Всматриваясь в Гри своими синими, со смешинкой, глазами, Гор Максович сказал, что пора заняться письменной работой. В дверях старик еще раз обернулся и, пригрозив пальцем, напомнил: ярость и гневливость не украшают истинного мужа.
Работу Гри закончил к полудню — через два часа с четвертью. Когда пробило двенадцать, Гри удивился — время было другим, с иной протяженностью.
— Как будто вовсе не было времени, — сказал он папе и Гору Максовичу.
— А может, его и на самом деле не было? — спросил старик серьезно, и в нынешний раз Гри показалось, что он нисколько не шутит.
Гор Максович аккуратно сложил листки, исписанные Гри, и торжественно отворил перед ним дверь:
— До тринадцати часов, Григорий Динович, вы свободны. Будь у меня столько времени, я бы первую половину его уделил бассейну, а вторую — завтраку и десятиминутной прогулке.
— Можно, папа? — неуверенно спросил мальчик.
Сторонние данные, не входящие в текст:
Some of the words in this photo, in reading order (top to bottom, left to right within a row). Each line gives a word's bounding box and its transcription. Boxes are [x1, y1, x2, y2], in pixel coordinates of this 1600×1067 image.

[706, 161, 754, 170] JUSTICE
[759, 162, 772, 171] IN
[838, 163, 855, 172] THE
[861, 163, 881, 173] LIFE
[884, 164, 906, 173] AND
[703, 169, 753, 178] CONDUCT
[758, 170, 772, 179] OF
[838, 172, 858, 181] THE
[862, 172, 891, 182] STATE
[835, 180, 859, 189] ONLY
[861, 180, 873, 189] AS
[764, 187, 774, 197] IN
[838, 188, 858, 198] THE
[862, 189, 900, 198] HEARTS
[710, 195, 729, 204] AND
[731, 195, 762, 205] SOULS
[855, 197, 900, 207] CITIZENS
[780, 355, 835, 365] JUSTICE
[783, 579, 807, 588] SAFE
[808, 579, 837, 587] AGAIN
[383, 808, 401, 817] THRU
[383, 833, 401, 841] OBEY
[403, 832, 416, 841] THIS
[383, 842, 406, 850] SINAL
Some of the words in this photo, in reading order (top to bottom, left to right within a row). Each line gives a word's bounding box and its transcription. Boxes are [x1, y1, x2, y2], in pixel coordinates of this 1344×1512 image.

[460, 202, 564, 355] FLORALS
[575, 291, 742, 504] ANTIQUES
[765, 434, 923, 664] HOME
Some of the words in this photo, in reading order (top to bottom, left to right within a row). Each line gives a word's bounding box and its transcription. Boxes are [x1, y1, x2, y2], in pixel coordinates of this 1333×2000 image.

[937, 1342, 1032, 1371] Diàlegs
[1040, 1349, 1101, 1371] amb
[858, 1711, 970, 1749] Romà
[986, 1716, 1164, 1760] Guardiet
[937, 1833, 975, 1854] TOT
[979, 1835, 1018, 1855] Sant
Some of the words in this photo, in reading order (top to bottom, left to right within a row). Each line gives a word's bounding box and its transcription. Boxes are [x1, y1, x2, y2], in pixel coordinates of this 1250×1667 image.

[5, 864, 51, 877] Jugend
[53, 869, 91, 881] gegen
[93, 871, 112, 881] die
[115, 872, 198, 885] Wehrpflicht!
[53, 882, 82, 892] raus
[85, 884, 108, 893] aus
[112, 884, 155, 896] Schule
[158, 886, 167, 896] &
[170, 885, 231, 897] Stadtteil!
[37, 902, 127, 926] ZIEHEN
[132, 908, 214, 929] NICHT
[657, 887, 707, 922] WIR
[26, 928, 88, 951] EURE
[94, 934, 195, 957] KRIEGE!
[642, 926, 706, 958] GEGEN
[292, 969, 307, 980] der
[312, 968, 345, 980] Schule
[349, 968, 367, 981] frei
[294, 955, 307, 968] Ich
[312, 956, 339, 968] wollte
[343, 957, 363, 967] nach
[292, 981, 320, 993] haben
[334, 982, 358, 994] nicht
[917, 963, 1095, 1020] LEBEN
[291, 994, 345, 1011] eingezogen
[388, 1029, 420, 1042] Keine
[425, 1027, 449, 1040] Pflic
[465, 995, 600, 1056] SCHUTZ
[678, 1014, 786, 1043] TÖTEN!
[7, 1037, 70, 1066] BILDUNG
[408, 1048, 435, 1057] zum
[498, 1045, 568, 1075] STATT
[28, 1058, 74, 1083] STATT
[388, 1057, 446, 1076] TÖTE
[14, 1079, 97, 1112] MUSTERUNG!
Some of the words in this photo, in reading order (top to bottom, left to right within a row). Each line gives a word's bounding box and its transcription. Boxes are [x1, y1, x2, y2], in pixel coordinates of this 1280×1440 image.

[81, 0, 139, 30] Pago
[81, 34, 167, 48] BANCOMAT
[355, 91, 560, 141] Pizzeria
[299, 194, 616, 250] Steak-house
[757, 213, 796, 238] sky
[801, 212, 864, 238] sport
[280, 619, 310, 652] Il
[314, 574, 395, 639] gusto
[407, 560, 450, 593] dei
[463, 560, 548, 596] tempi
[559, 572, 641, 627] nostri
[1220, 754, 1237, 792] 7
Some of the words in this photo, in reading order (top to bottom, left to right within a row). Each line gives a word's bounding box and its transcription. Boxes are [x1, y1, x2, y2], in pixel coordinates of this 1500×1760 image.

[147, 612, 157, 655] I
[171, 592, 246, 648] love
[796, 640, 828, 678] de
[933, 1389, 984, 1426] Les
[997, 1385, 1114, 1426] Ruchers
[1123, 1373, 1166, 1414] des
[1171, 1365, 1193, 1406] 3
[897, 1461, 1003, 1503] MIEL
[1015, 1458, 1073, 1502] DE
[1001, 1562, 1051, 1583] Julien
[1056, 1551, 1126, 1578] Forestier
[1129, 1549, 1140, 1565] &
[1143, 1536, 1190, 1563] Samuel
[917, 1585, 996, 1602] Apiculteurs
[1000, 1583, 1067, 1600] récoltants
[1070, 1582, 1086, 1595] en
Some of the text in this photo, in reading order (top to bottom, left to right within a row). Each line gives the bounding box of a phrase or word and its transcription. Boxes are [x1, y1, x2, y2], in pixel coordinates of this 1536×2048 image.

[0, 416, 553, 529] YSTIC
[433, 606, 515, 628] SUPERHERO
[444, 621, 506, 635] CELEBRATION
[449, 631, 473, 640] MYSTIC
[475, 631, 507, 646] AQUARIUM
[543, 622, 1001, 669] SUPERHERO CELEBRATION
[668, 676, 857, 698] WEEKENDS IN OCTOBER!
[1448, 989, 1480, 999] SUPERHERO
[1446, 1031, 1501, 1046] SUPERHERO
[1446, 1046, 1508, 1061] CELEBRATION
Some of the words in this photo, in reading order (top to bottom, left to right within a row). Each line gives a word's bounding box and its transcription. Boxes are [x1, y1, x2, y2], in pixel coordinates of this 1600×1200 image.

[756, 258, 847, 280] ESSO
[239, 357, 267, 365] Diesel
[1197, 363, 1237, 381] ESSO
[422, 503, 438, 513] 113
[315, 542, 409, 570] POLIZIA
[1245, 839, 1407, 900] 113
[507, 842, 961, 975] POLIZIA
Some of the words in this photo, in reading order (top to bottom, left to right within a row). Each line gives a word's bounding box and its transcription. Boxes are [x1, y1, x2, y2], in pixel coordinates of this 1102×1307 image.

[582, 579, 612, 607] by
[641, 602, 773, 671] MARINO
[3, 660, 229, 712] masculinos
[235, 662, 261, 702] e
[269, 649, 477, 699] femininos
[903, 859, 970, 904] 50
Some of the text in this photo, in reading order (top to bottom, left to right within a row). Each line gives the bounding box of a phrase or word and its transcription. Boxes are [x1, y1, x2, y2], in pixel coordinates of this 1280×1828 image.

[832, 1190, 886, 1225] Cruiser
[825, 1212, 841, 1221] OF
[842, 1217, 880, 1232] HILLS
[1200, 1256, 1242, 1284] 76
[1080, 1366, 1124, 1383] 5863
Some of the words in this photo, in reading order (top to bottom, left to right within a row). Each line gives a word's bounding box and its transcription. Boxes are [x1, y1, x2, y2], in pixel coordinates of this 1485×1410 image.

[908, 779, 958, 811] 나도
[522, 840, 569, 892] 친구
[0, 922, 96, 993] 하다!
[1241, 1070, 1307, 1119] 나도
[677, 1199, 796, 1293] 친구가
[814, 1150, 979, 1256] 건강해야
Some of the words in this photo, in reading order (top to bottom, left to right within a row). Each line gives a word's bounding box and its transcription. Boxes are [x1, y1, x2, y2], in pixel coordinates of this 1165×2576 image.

— Гри, — пожал плечами отец, — здесь распоряжается Гор Максович. И если бы Гор Максович рекомендовал мне отправиться в бассейн, я не стал бы терять попусту времени.
Спустя минуту Гри на третьей скорости уже пересекал школьный сад.
— Ну, а теперь посмотрим, что же нам скажет Элу Большой, — сказал старик.
Включив экран, Гор Максович сначала забормотал, потом пустил каскад гм-гм-гм, модулируя его от невнятного хмыканья до безукоризненной артикуляции, и произнес трубным голосом электронного информатора:
— Итак, дорогой Дин Григорьевич, за вчерашний день ваш сын выдал двести восемьдесят единиц информации по шкале Розова-Анжу вместо шестидесяти, положенных учебной программой. Это по устному рассказу. А теперь посмотрим, что даст нам письменный вариант. Ага, ага, ага… двести сорок. Это без графологического анализа. Подождем минутку, одну минутку… так, еще шестьдесят. Итого, стало быть, триста.
— Да. — Дин Григорьевич торопливо барабанил пальцами по панели, — но совершенно очевидно, что устный рассказ текстуально не уступает письменному и уже хотя бы поэтому содержит больше информации.
— Вот именно, — подхватил старик, — но не в чистом ее, так сказать, обнаженном виде, а в скрытых эмоциональных формах, представленных исключительно в модуляциях голоса и пантомиме. Голосом, глазами, руками человек досказывает то, что не удалось облечь в слово. А Элу Большой этой информации не учитывает. Для Элу существует сигнал только в слове. Между самым одаренным мимом и каменной бабой для Элу нет никакой разницы.
Пересекая комнату по диагонали, Дин Григорьевич всякий раз непроизвольно останавливался посредине — в том месте, где диагонали расходились. Потом он решительно направился к окну и минут пятнадцать, не отрываясь, смотрел вниз.
В школьном саду играли ребята — как сто и двести лет назад, они рядились в индейцев, бегали наперегонки, восторженно визжа при успехе и хмурясь при неудачах. Что мог сказать об этих ребятах Элу Большой? Ничего: по Злу, эти дети не были носителями информации.
Потом вдруг среди играющих в саду ребят появился Гри.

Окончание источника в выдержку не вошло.